#### [Prompt]
Every entry should be returned exactly. Omit none of them.

++++++++++

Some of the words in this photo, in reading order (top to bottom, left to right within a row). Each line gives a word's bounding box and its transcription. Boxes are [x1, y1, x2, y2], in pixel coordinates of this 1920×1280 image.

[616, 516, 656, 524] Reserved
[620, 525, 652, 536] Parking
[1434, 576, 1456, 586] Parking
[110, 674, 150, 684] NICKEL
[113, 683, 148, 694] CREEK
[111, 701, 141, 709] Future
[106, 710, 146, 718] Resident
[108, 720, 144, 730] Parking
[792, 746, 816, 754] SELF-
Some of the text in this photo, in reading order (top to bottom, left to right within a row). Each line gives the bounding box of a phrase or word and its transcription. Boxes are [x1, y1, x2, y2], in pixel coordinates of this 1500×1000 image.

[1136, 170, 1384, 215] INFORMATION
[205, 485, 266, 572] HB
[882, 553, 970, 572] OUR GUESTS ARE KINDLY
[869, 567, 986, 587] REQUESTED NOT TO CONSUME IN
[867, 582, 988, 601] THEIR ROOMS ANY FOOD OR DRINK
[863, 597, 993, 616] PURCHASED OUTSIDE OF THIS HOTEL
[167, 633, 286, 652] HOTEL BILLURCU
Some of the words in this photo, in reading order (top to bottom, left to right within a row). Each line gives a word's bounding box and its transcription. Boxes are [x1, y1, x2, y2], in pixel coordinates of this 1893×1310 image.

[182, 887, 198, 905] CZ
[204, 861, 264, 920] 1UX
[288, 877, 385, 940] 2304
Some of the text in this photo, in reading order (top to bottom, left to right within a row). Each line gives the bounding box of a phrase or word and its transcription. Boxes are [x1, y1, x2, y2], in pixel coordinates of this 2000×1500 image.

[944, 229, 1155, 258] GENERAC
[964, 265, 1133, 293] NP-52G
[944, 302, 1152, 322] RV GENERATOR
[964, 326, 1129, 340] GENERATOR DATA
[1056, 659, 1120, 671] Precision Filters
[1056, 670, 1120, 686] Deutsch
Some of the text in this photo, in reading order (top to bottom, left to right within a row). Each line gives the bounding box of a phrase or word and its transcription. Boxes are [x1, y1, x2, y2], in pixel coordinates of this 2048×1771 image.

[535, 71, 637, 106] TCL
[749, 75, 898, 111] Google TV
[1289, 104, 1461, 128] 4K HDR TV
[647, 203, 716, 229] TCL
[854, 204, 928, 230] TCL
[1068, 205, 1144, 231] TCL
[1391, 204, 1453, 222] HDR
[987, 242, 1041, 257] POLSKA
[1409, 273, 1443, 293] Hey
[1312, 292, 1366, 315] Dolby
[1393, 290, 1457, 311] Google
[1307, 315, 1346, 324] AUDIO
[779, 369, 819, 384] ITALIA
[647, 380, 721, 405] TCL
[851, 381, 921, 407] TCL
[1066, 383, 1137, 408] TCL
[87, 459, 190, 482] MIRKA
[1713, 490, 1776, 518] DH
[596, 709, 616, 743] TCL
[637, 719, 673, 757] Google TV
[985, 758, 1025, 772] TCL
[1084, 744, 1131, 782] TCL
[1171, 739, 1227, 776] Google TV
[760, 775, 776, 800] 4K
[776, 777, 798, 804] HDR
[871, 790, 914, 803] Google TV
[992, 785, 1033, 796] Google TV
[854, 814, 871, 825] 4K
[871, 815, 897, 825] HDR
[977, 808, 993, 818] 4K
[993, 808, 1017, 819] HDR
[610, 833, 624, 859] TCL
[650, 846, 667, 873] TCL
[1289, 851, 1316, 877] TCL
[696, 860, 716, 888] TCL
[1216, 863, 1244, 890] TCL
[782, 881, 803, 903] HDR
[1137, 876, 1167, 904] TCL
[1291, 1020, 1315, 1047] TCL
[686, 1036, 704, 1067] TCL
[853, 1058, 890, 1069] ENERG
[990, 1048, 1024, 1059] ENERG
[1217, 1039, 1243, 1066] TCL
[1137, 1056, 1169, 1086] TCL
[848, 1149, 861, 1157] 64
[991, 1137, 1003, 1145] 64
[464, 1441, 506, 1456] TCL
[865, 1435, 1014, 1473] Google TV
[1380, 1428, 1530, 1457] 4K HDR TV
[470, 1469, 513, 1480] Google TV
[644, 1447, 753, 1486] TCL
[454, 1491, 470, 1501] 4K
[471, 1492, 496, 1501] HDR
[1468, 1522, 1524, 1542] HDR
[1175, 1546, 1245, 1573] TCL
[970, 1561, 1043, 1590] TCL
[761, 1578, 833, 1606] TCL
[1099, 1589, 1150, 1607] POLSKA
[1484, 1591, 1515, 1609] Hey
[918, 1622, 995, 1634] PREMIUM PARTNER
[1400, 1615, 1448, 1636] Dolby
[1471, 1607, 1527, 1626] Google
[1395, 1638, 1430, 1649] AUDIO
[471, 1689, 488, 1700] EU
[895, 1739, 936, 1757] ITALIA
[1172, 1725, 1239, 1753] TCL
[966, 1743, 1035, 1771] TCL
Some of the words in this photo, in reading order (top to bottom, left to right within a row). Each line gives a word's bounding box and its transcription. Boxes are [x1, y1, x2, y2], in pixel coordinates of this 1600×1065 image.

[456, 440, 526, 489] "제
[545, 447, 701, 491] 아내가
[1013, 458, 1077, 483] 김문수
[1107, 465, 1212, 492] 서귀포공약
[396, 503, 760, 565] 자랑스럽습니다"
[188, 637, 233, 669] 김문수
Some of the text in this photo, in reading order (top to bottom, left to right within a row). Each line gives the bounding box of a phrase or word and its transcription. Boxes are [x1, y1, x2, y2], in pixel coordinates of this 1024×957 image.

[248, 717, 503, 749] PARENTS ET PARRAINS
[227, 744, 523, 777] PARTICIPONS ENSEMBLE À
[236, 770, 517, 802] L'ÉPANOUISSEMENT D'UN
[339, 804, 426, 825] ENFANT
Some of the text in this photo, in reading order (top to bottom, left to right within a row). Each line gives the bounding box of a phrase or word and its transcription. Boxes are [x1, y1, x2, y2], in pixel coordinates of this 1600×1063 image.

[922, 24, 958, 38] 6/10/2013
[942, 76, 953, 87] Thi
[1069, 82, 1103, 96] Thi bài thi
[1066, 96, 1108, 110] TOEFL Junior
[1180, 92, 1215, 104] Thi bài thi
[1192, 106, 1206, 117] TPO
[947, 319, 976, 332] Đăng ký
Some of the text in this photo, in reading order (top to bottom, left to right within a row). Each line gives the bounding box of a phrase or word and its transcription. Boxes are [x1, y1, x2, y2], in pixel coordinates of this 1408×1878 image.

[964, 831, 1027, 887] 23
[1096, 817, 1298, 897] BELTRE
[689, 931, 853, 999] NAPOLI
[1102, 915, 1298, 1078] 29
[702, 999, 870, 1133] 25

++++++++++

#### [Finished task]
Some of the words in this photo, in reading order (top to bottom, left to right within a row). Each line gives a word's bounding box and its transcription. Boxes are [x1, y1, x2, y2], in pixel coordinates of this 1920×1280 image.

[616, 516, 656, 524] Reserved
[620, 525, 652, 536] Parking
[1434, 576, 1456, 586] Parking
[110, 674, 150, 684] NICKEL
[113, 683, 148, 694] CREEK
[111, 701, 141, 709] Future
[106, 710, 146, 718] Resident
[108, 720, 144, 730] Parking
[792, 746, 816, 754] SELF-
Some of the text in this photo, in reading order (top to bottom, left to right within a row). Each line gives the bounding box of a phrase or word and its transcription. Boxes are [x1, y1, x2, y2], in pixel coordinates of this 1500×1000 image.

[1136, 170, 1384, 215] INFORMATION
[205, 485, 266, 572] HB
[882, 553, 970, 572] OUR GUESTS ARE KINDLY
[869, 567, 986, 587] REQUESTED NOT TO CONSUME IN
[867, 582, 988, 601] THEIR ROOMS ANY FOOD OR DRINK
[863, 597, 993, 616] PURCHASED OUTSIDE OF THIS HOTEL
[167, 633, 286, 652] HOTEL BILLURCU
Some of the words in this photo, in reading order (top to bottom, left to right within a row). Each line gives a word's bounding box and its transcription. Boxes are [x1, y1, x2, y2], in pixel coordinates of this 1893×1310 image.

[182, 887, 198, 905] CZ
[204, 861, 264, 920] 1UX
[288, 877, 385, 940] 2304
Some of the text in this photo, in reading order (top to bottom, left to right within a row). Each line gives the bounding box of a phrase or word and its transcription. Boxes are [x1, y1, x2, y2], in pixel coordinates of this 2000×1500 image.

[944, 229, 1155, 258] GENERAC
[964, 265, 1133, 293] NP-52G
[944, 302, 1152, 322] RV GENERATOR
[964, 326, 1129, 340] GENERATOR DATA
[1056, 659, 1120, 671] Precision Filters
[1056, 670, 1120, 686] Deutsch
Some of the text in this photo, in reading order (top to bottom, left to right within a row). Each line gives the bounding box of a phrase or word and its transcription. Boxes are [x1, y1, x2, y2], in pixel coordinates of this 2048×1771 image.

[535, 71, 637, 106] TCL
[749, 75, 898, 111] Google TV
[1289, 104, 1461, 128] 4K HDR TV
[647, 203, 716, 229] TCL
[854, 204, 928, 230] TCL
[1068, 205, 1144, 231] TCL
[1391, 204, 1453, 222] HDR
[987, 242, 1041, 257] POLSKA
[1409, 273, 1443, 293] Hey
[1312, 292, 1366, 315] Dolby
[1393, 290, 1457, 311] Google
[1307, 315, 1346, 324] AUDIO
[779, 369, 819, 384] ITALIA
[647, 380, 721, 405] TCL
[851, 381, 921, 407] TCL
[1066, 383, 1137, 408] TCL
[87, 459, 190, 482] MIRKA
[1713, 490, 1776, 518] DH
[596, 709, 616, 743] TCL
[637, 719, 673, 757] Google TV
[985, 758, 1025, 772] TCL
[1084, 744, 1131, 782] TCL
[1171, 739, 1227, 776] Google TV
[760, 775, 776, 800] 4K
[776, 777, 798, 804] HDR
[871, 790, 914, 803] Google TV
[992, 785, 1033, 796] Google TV
[854, 814, 871, 825] 4K
[871, 815, 897, 825] HDR
[977, 808, 993, 818] 4K
[993, 808, 1017, 819] HDR
[610, 833, 624, 859] TCL
[650, 846, 667, 873] TCL
[1289, 851, 1316, 877] TCL
[696, 860, 716, 888] TCL
[1216, 863, 1244, 890] TCL
[782, 881, 803, 903] HDR
[1137, 876, 1167, 904] TCL
[1291, 1020, 1315, 1047] TCL
[686, 1036, 704, 1067] TCL
[853, 1058, 890, 1069] ENERG
[990, 1048, 1024, 1059] ENERG
[1217, 1039, 1243, 1066] TCL
[1137, 1056, 1169, 1086] TCL
[848, 1149, 861, 1157] 64
[991, 1137, 1003, 1145] 64
[464, 1441, 506, 1456] TCL
[865, 1435, 1014, 1473] Google TV
[1380, 1428, 1530, 1457] 4K HDR TV
[470, 1469, 513, 1480] Google TV
[644, 1447, 753, 1486] TCL
[454, 1491, 470, 1501] 4K
[471, 1492, 496, 1501] HDR
[1468, 1522, 1524, 1542] HDR
[1175, 1546, 1245, 1573] TCL
[970, 1561, 1043, 1590] TCL
[761, 1578, 833, 1606] TCL
[1099, 1589, 1150, 1607] POLSKA
[1484, 1591, 1515, 1609] Hey
[918, 1622, 995, 1634] PREMIUM PARTNER
[1400, 1615, 1448, 1636] Dolby
[1471, 1607, 1527, 1626] Google
[1395, 1638, 1430, 1649] AUDIO
[471, 1689, 488, 1700] EU
[895, 1739, 936, 1757] ITALIA
[1172, 1725, 1239, 1753] TCL
[966, 1743, 1035, 1771] TCL
Some of the words in this photo, in reading order (top to bottom, left to right within a row). Each line gives a word's bounding box and its transcription. Boxes are [x1, y1, x2, y2], in pixel coordinates of this 1600×1065 image.

[456, 440, 526, 489] "제
[545, 447, 701, 491] 아내가
[1013, 458, 1077, 483] 김문수
[1107, 465, 1212, 492] 서귀포공약
[396, 503, 760, 565] 자랑스럽습니다"
[188, 637, 233, 669] 김문수
Some of the text in this photo, in reading order (top to bottom, left to right within a row). Each line gives the bounding box of a phrase or word and its transcription. Boxes are [x1, y1, x2, y2], in pixel coordinates of this 1024×957 image.

[248, 717, 503, 749] PARENTS ET PARRAINS
[227, 744, 523, 777] PARTICIPONS ENSEMBLE À
[236, 770, 517, 802] L'ÉPANOUISSEMENT D'UN
[339, 804, 426, 825] ENFANT
Some of the text in this photo, in reading order (top to bottom, left to right within a row). Each line gives the bounding box of a phrase or word and its transcription. Boxes are [x1, y1, x2, y2], in pixel coordinates of this 1600×1063 image.

[922, 24, 958, 38] 6/10/2013
[942, 76, 953, 87] Thi
[1069, 82, 1103, 96] Thi bài thi
[1066, 96, 1108, 110] TOEFL Junior
[1180, 92, 1215, 104] Thi bài thi
[1192, 106, 1206, 117] TPO
[947, 319, 976, 332] Đăng ký
Some of the text in this photo, in reading order (top to bottom, left to right within a row). Each line gives the bounding box of a phrase or word and its transcription. Boxes are [x1, y1, x2, y2], in pixel coordinates of this 1408×1878 image.

[964, 831, 1027, 887] 23
[1096, 817, 1298, 897] BELTRE
[689, 931, 853, 999] NAPOLI
[1102, 915, 1298, 1078] 29
[702, 999, 870, 1133] 25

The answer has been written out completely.